- Taharpur Location in Orissa, India
- Coordinates: 21°06′22″N 85°59′34″E﻿ / ﻿21.10607°N 85.99279°E
- Country: India
- State: Odisha
- District: Jajpur

Government
- • Body: Taharpur Panchayat

Population
- • Total: 1,200

Languages
- • Official: Oriya
- Time zone: UTC+5:30 (IST)
- PIN: 755019
- Telephone code: 06726 (STD Code)
- Vehicle registration: OR-
- Nearest city: Jajpur Keonjhar Road
- Lok Sabha constituency: Jajpur
- Civic agency: Taharpur Panchayat

= Taharpur, Jajpur =

Taharpur is a village in Jajpur district of Orissa, India.

It is a very old village with a cultural and religious history. A very Old Krishna temple is at the centre of the Village and God Krishna is worshiped there. The villagers celebrate many festivals like Dola Purnima, Holi, Jhulana Yatra, Chandan Purnima, Janmasthami, and Radhasthami in the Krishna temple known as "Shriman Gopaljew Temple". "Chabisha Prahari" is the biggest festival of the village which is celebrated for five days in the Oriya month of Phalguna with great devotion. The village culture is mainly based on Bhaishnav thoughts and the villagers worship Shri Chaitanya as an incarnation of both Sri Krishna and Radha. The great devotee of Shri Chaitanya, Sriman Radha Raman of Nadia had visited the village in 1900.
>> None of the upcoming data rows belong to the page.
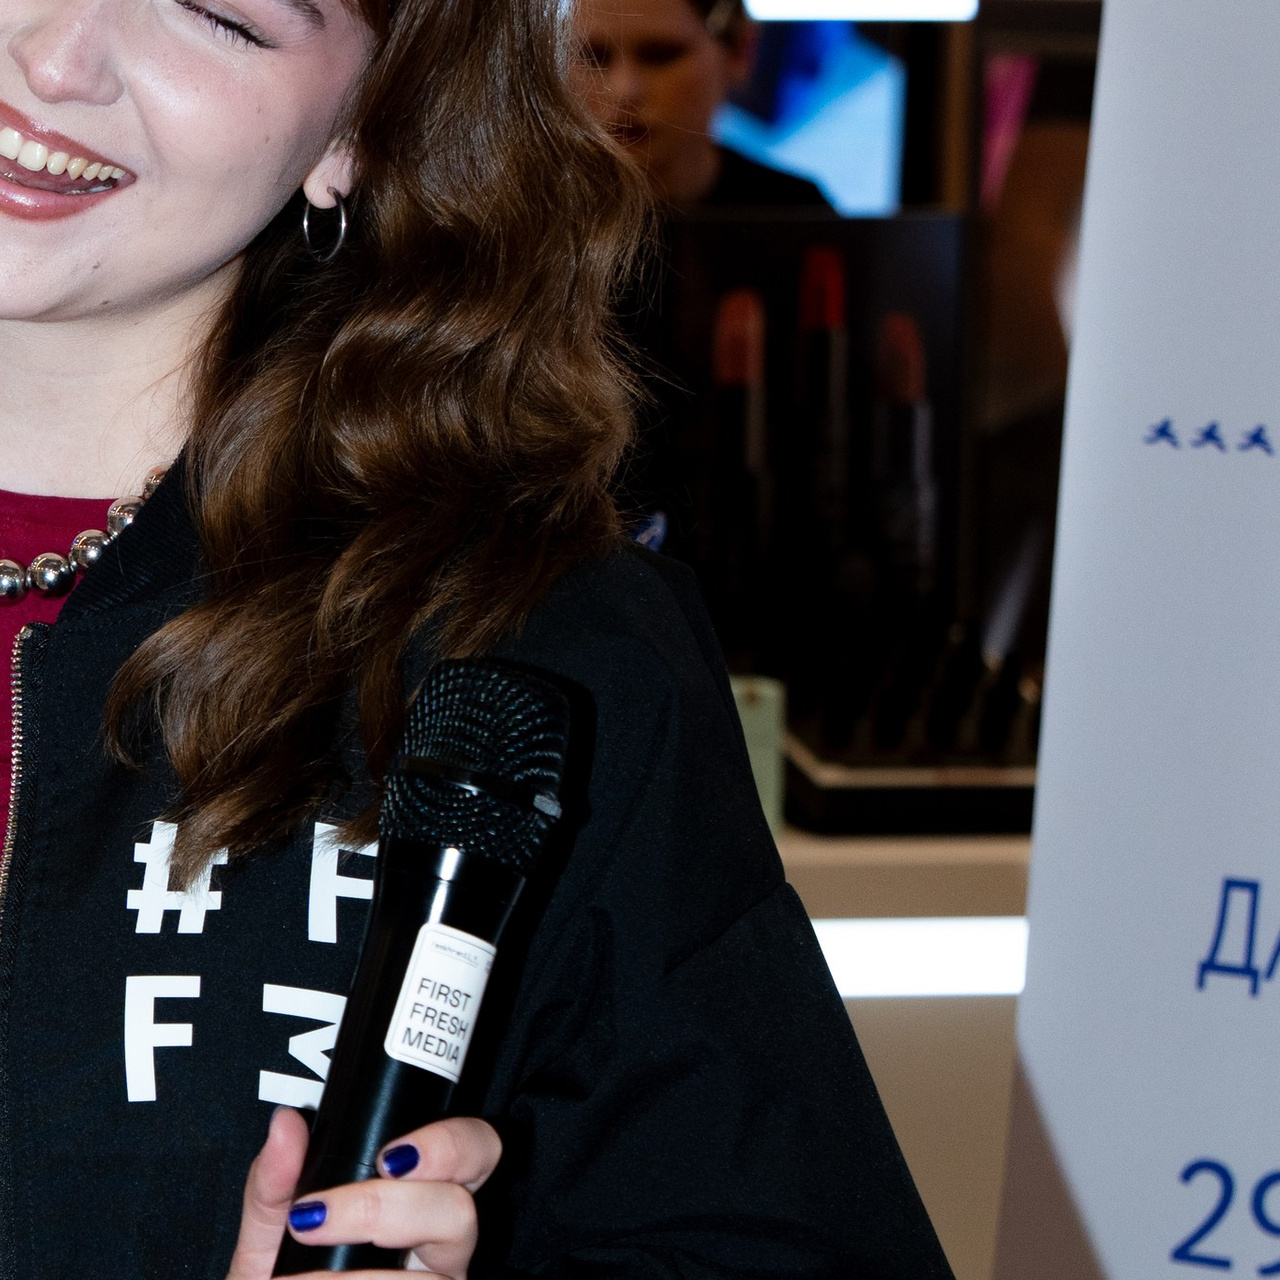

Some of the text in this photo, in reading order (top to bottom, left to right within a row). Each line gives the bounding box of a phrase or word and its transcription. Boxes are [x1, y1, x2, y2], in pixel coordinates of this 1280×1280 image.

[1196, 877, 1280, 999] Д
[418, 977, 472, 1011] FIRST
[125, 975, 201, 1102] F
[410, 1002, 469, 1041] FRESH
[402, 1027, 460, 1065] MEDIA
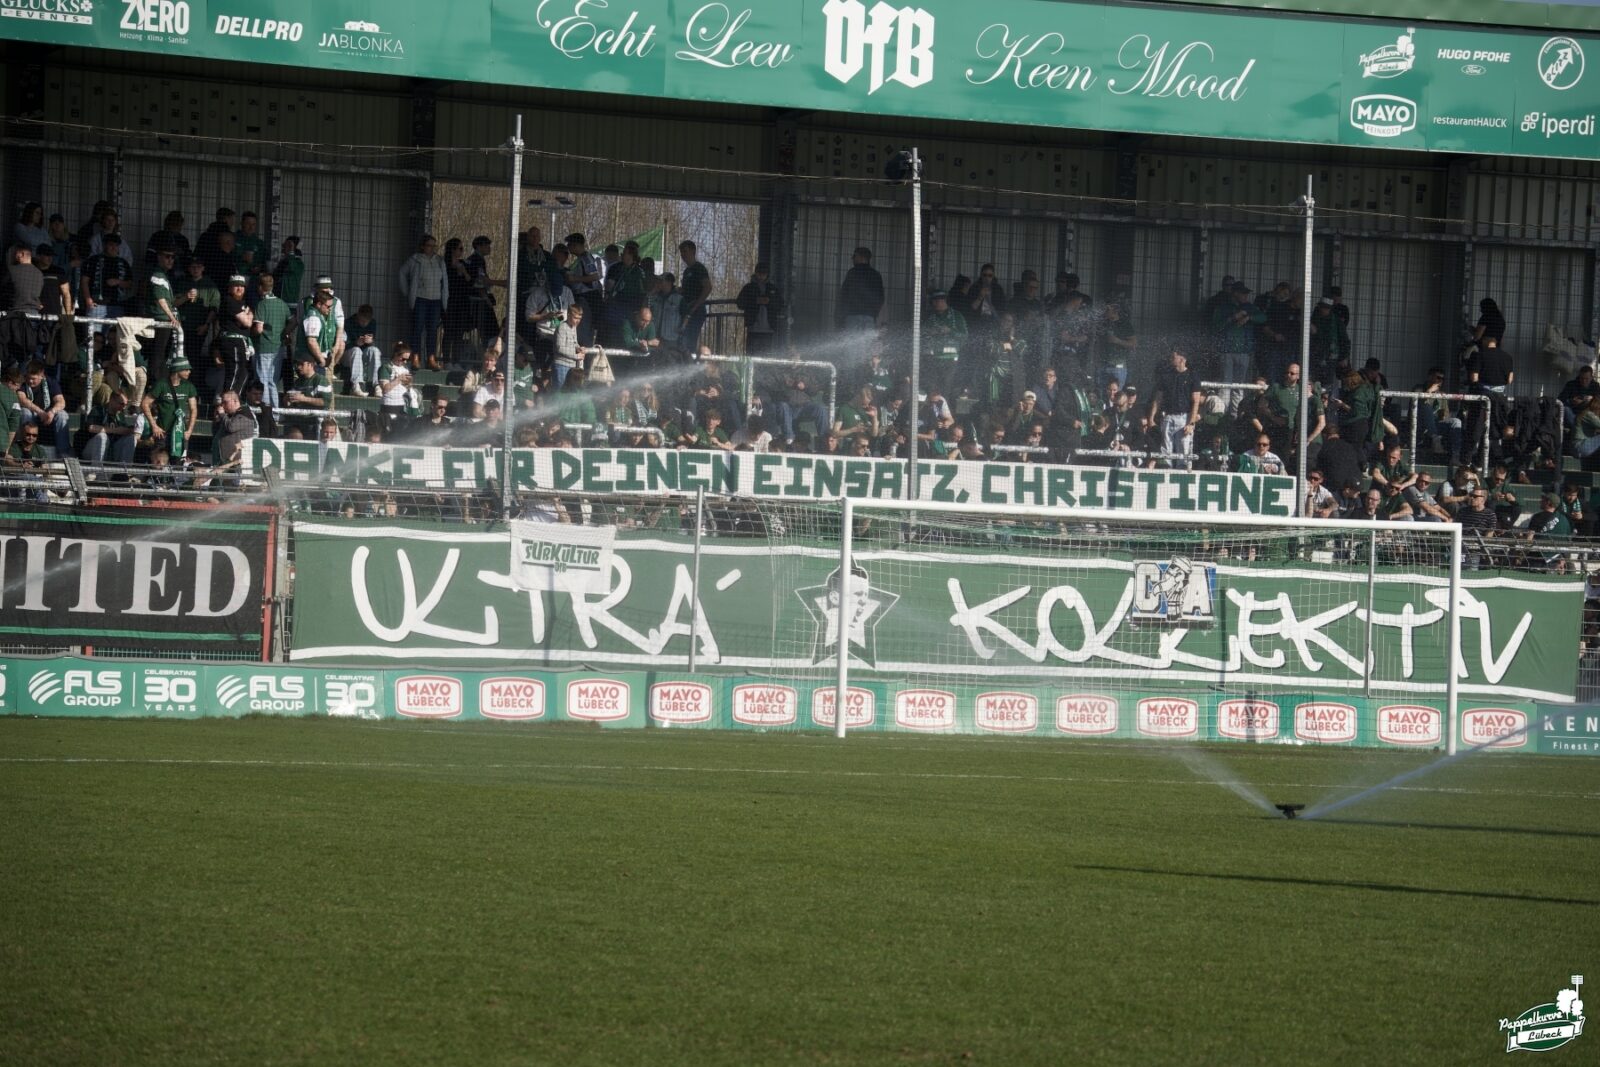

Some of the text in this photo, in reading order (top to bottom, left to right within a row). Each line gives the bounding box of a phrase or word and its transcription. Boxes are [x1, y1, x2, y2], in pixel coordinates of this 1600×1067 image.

Long ago a forest was present beside the village which is now limited to few acres only. Deforestation and no further plantation is the main cause for the ruin of the green land.

The villagers mainly depend on agriculture as income source.

Education facilities are not up to the mark in the village. Only a few students have achieved the higher qualification and placed in professional jobs.